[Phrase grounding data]
● ● ● ● ●
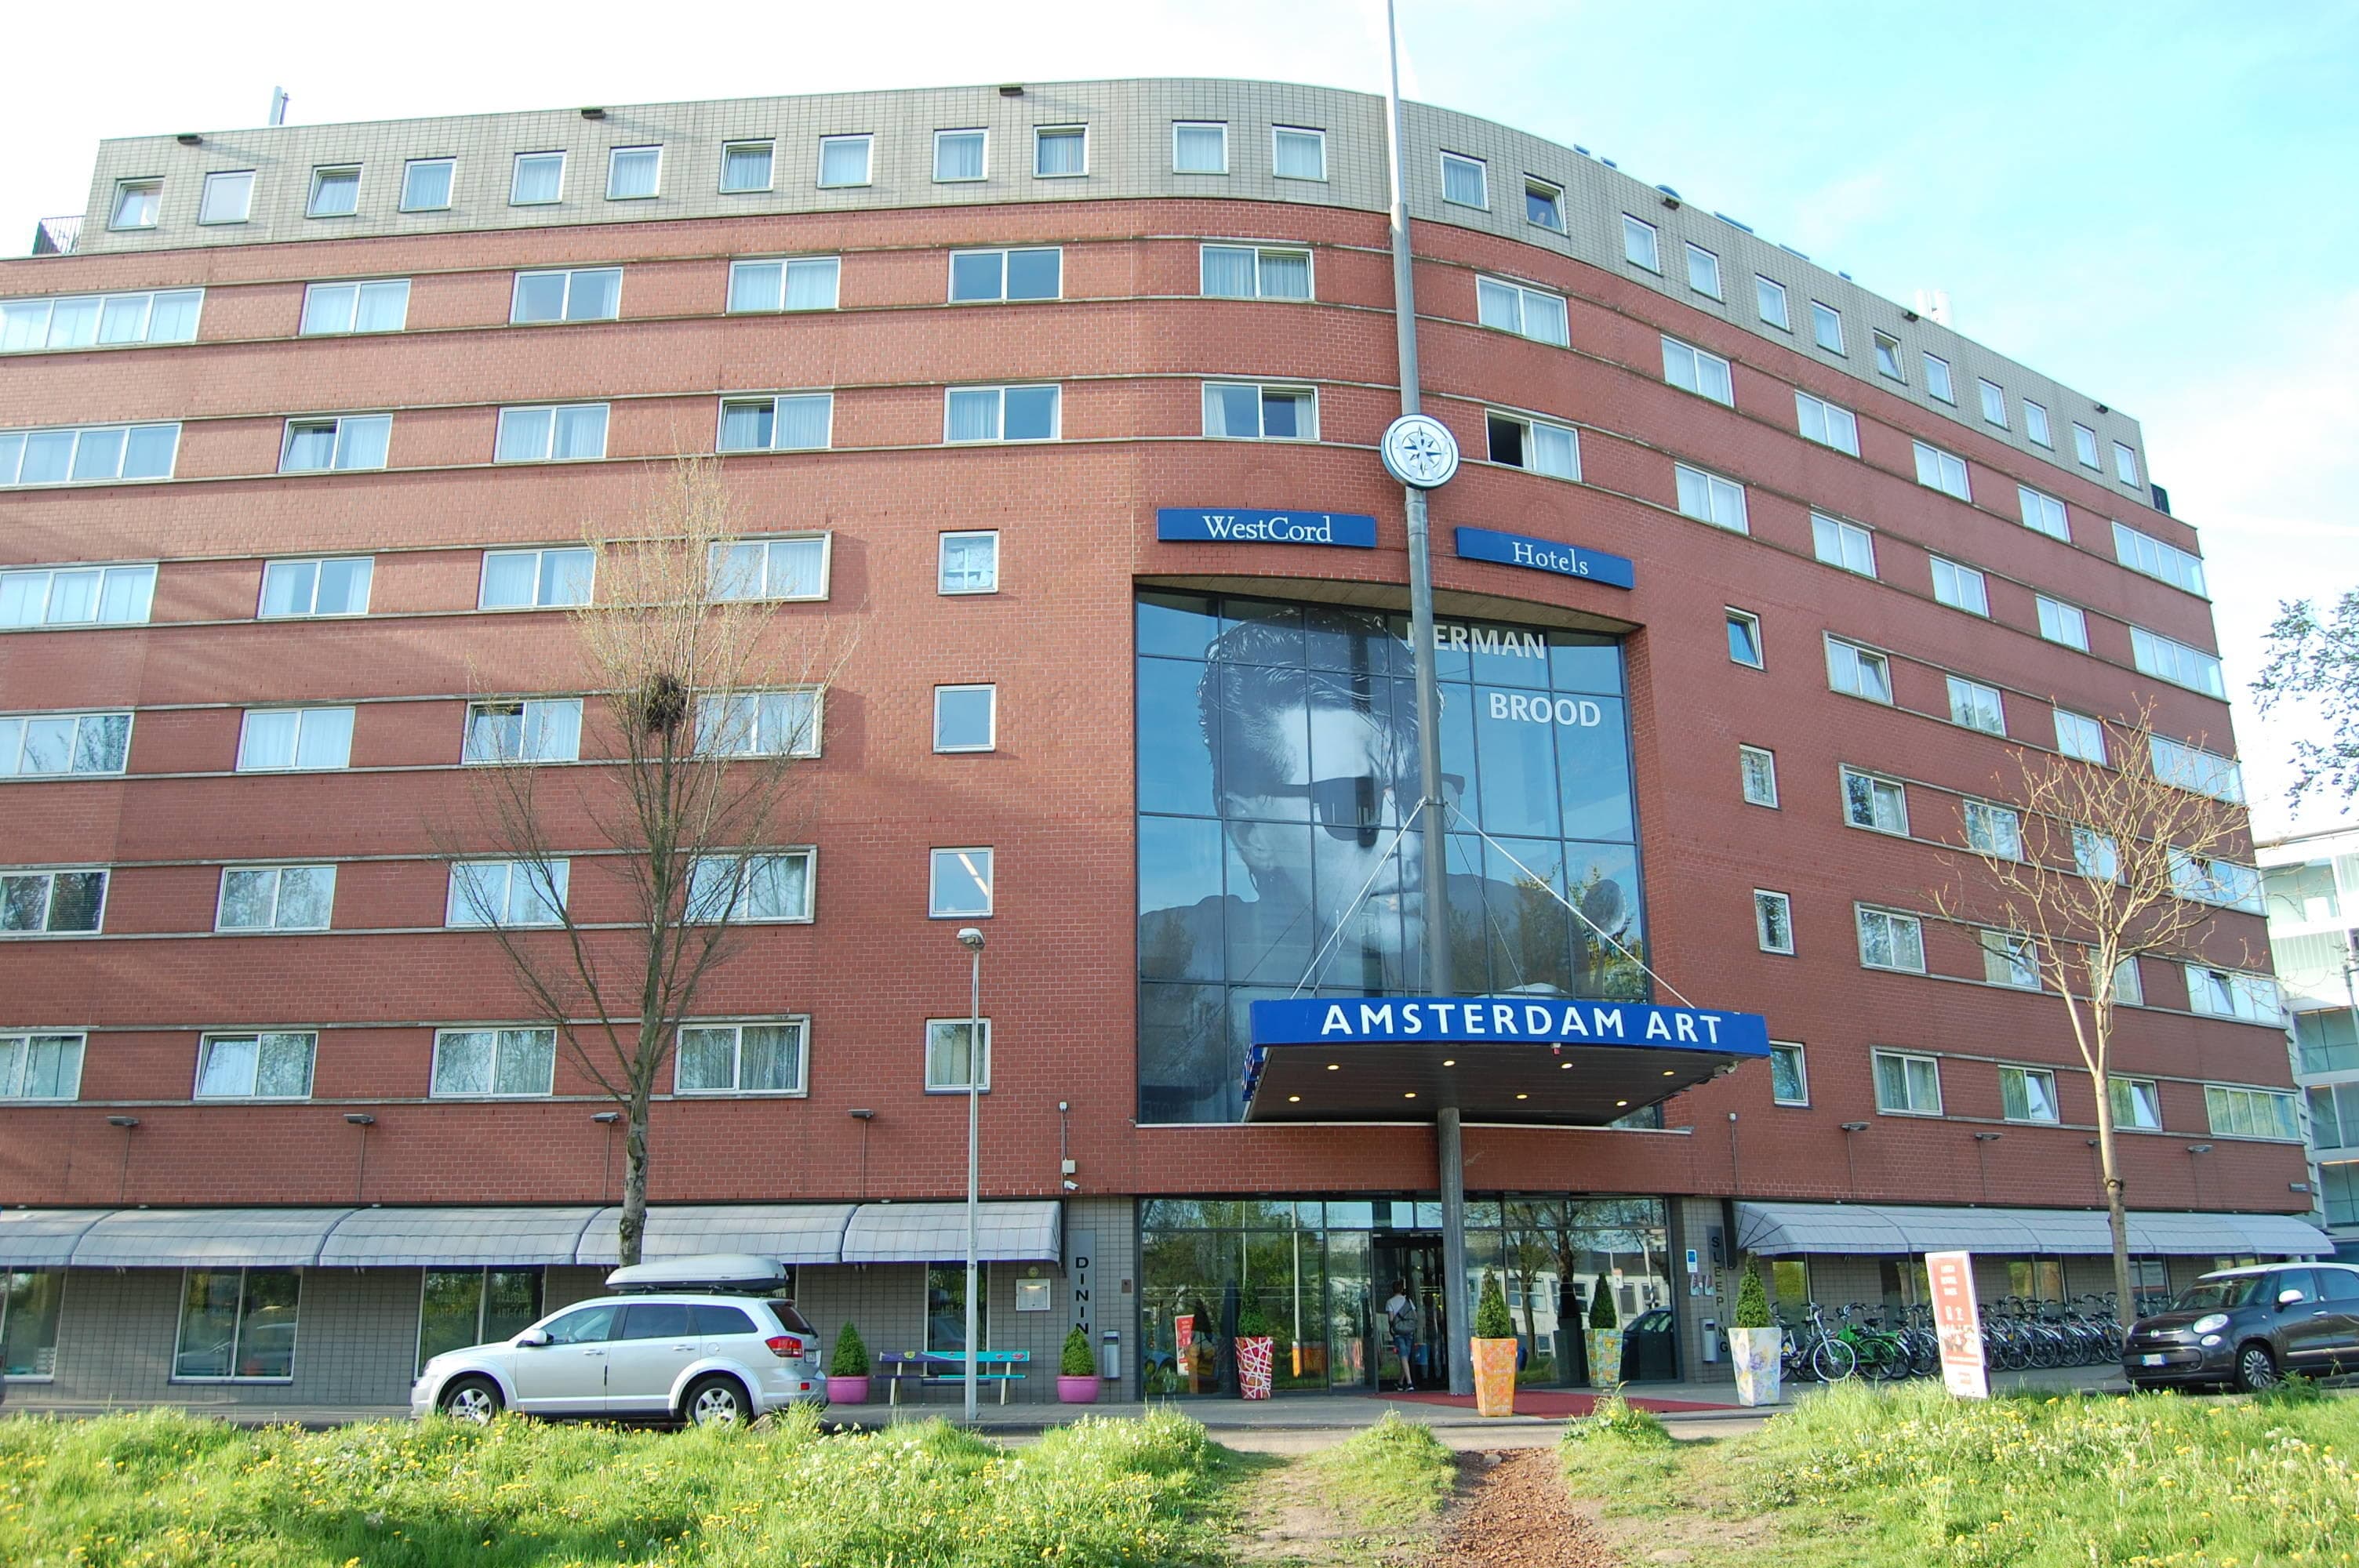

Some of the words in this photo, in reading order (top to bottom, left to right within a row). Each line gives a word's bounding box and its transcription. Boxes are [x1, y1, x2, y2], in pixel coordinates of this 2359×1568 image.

[1203, 514, 1333, 543] WestCord
[1512, 541, 1590, 575] Hotels
[1490, 692, 1601, 727] BROOD
[1321, 1004, 1625, 1039] AMSTERDAM
[1645, 1010, 1722, 1044] ART
[1075, 1257, 1089, 1334] DININ
[1711, 1236, 1728, 1352] SLEEPING
● ● ● ● ●
Assignment: For each entry above, write it out again exactly but leave out any picture.

Task answer:
Some of the words in this photo, in reading order (top to bottom, left to right within a row). Each line gives a word's bounding box and its transcription. Boxes are [x1, y1, x2, y2], in pixel coordinates of this 2359×1568 image.

[1203, 514, 1333, 543] WestCord
[1512, 541, 1590, 575] Hotels
[1490, 692, 1601, 727] BROOD
[1321, 1004, 1625, 1039] AMSTERDAM
[1645, 1010, 1722, 1044] ART
[1075, 1257, 1089, 1334] DININ
[1711, 1236, 1728, 1352] SLEEPING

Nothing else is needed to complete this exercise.